Ray was always in the moderate wing of the Republican Party — at least until that wing all but disappeared. He was aligned with people like the great Mary Louise Smith and equally great Art Neu — his lieutenant governor for six years —and state Sen. Phil Hill and lawyer David Belin and activists Steve and Dawn Roberts and David Oman and farmer-legislator Andy Varley and former legislator Scott Raecker, who now runs the Robert D. and Billie Ray Center at Drake and who works tirelessly to keep the Ray flame and the fame alive. Today, the entire moderate wing could hold its caucus in the sun room of the Roberts’ apartment in Des Moines. And there would be a few empty chairs.

As Governor, Ray believed in fairness and equality and was an early supporter of the Equal Rights Amendment — in a household with Billie Ray and three daughters he had little choice — supported legalized abortion and opposed the death penalty. He signed into law what’s known as Chapter 20 — the act giving bargaining rights to public employees, an act that Republican legislators have denuded in the past couple of years.

As a former governor, Ray was dismayed at the turn in his party in Iowa, and he was not-so-privately critical of the conservative positions that Branstad grew to embrace. “I just don’t understand it,” he told a friend a few years ago. “It’s just wrong.”

As Governor and as ex-Governor, he was unfailingly polite, but, like most politicians, he had thin skin.

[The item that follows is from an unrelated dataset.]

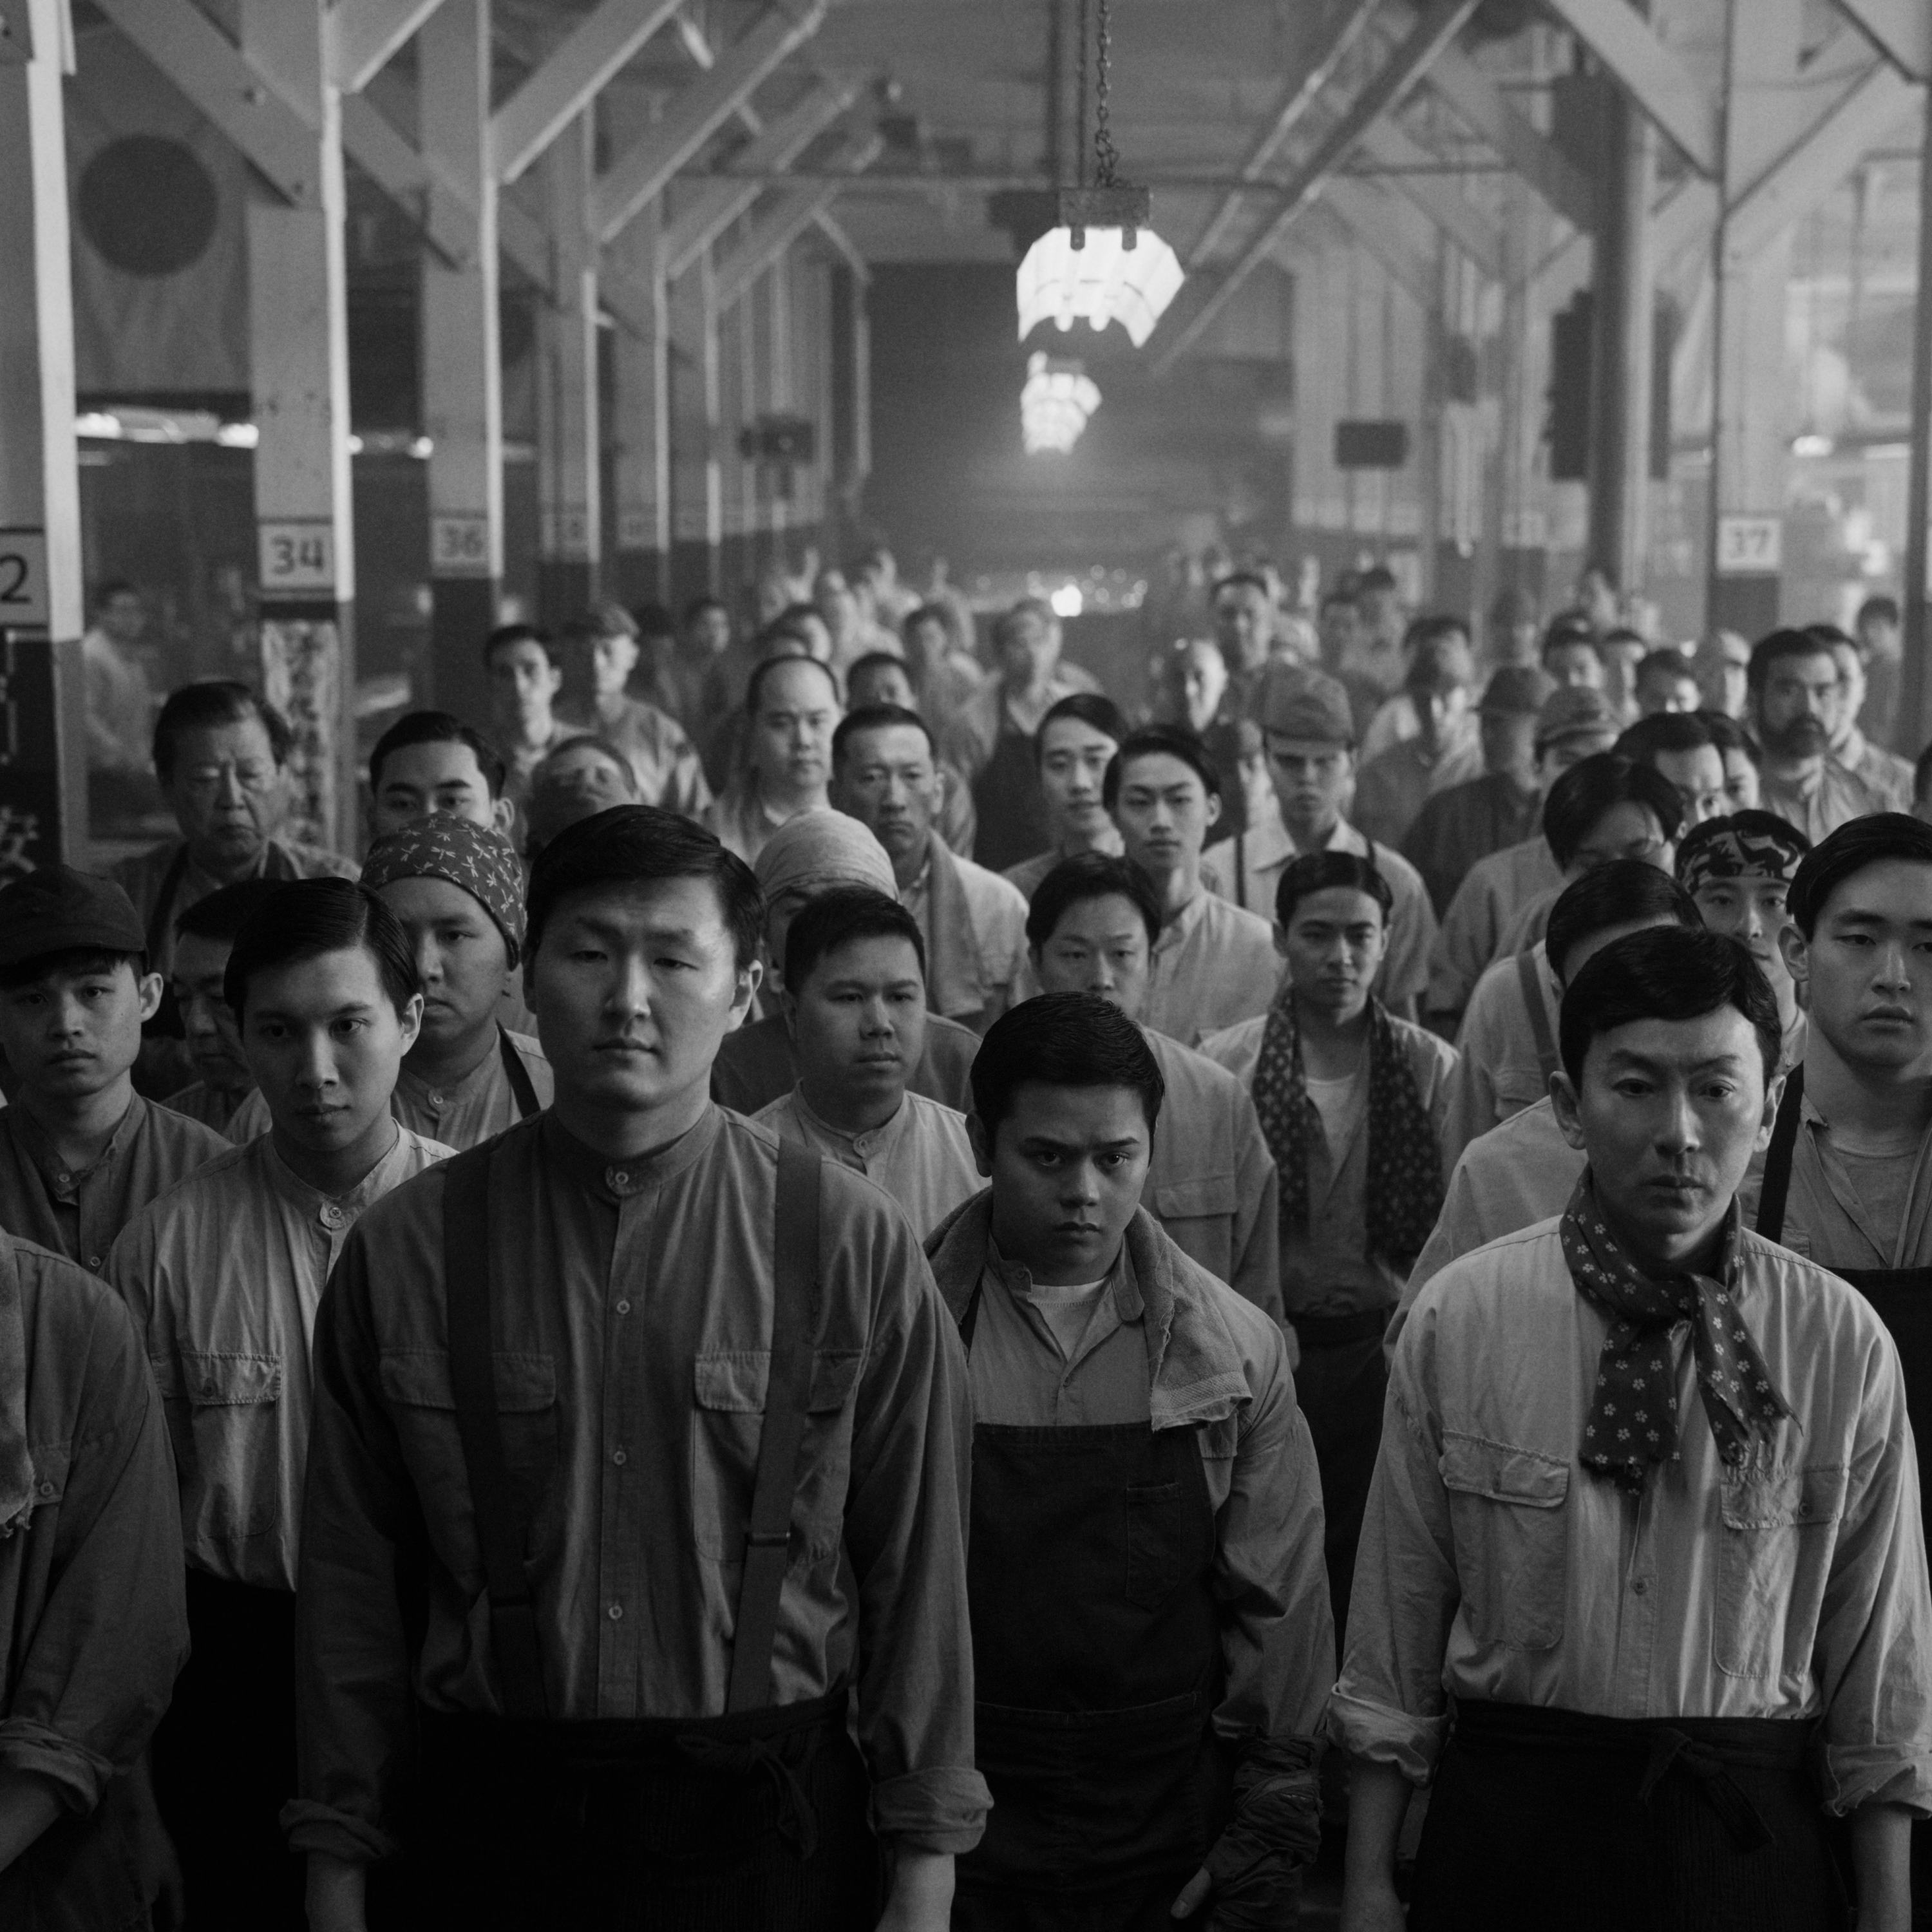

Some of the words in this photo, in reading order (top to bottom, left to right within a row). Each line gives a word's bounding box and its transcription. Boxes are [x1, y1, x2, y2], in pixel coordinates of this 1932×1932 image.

[270, 535, 324, 574] 34
[441, 526, 483, 558] 36
[0, 554, 32, 604] 2
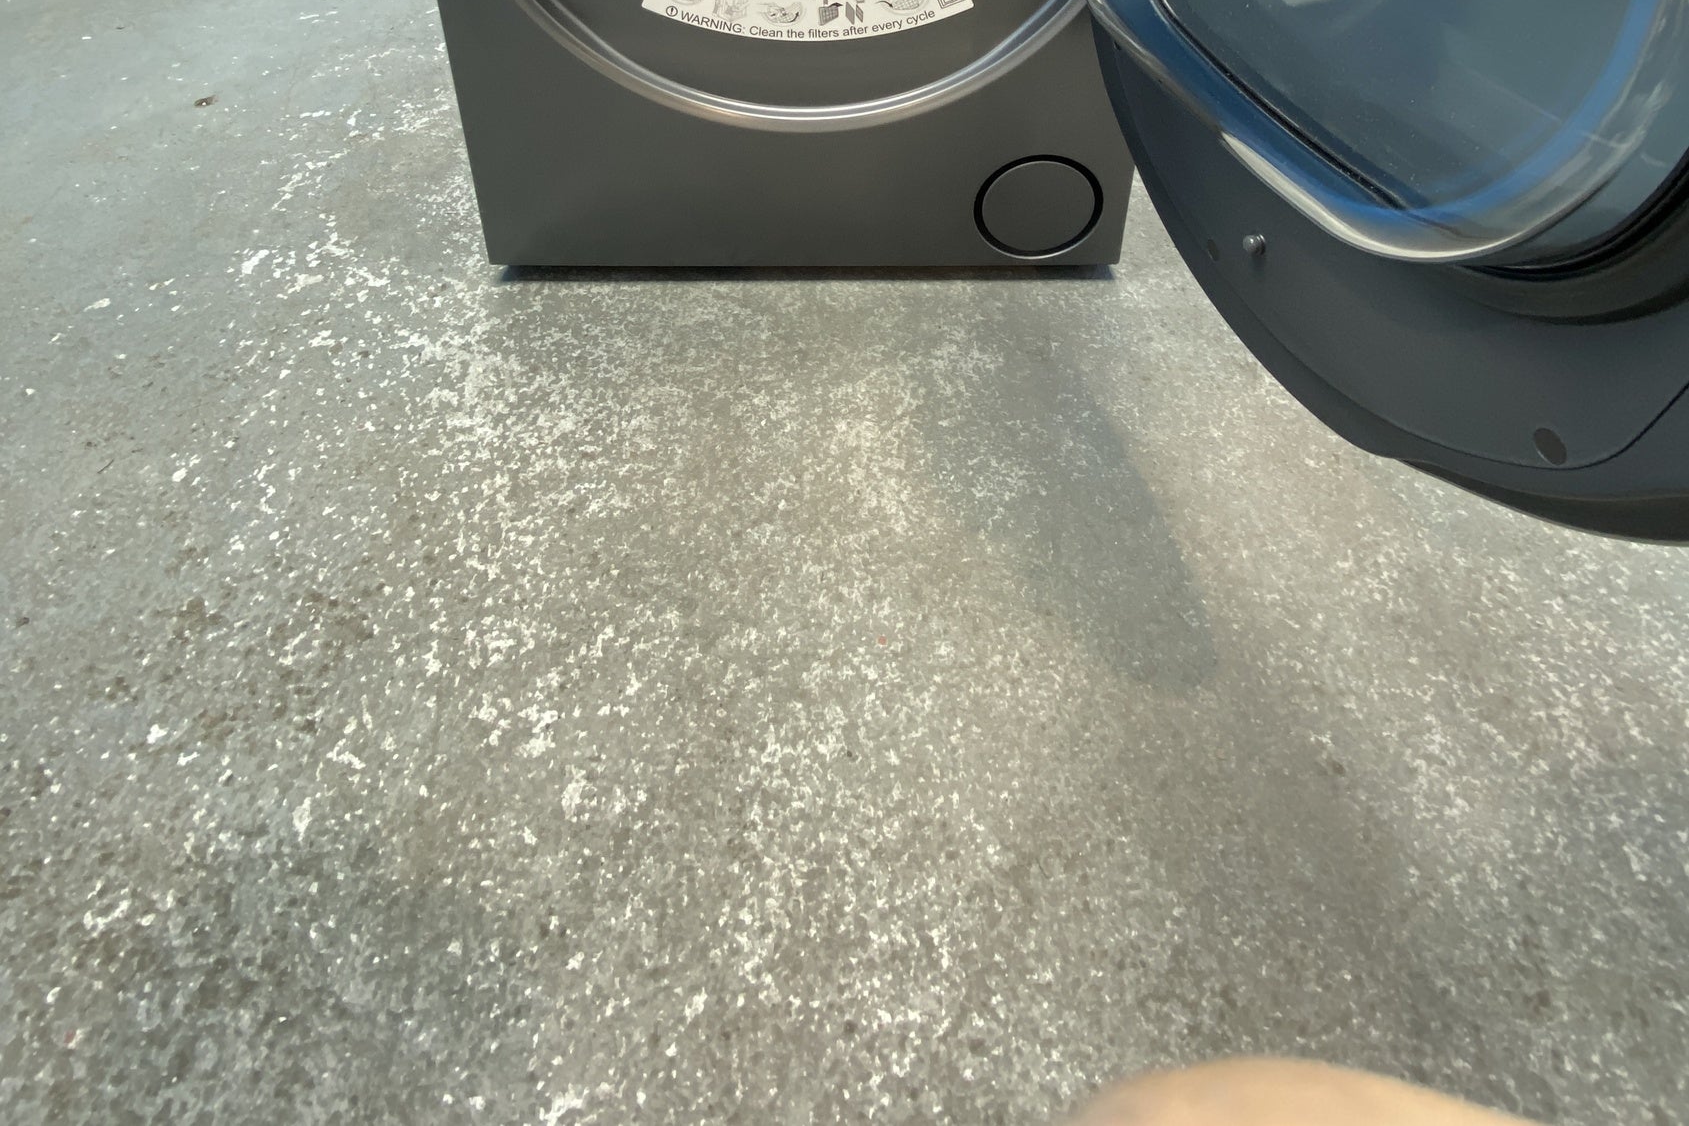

He would feel particularly bruised when the Des Moines Register would criticize him, particularly when the criticism came from political columnist Jim Flansburg, who knew (and loved) Iowa as deeply as Ray did. Most people in the Capitol are from small towns, and they have home-town newspapers, and those home-town newspapers are nice to them, he once told me when I was editor of the Register. “The Register is my home-town newspaper. You should be nicer to me.” He said it with a smile, but it was a pained smile.

In 1976, there was a boomlet to get President Gerald Ford to pick Ray as his running-mate. Ford had listed Ray as one of a small group of acceptable people, and folks like David Belin beat the drum for him. But luckily for Ray, Ford picked Bob Dole of Kansas. That ticket lost to Jimmy Carter and Walter Mondale, and Ray stayed happily at home in the Governor’s Mansion.

And, anyway, Bob Ray belonged in Iowa. 

Gov. Robert Dolph Ray was 89 when he died of Parkinson’s Disease on July 8.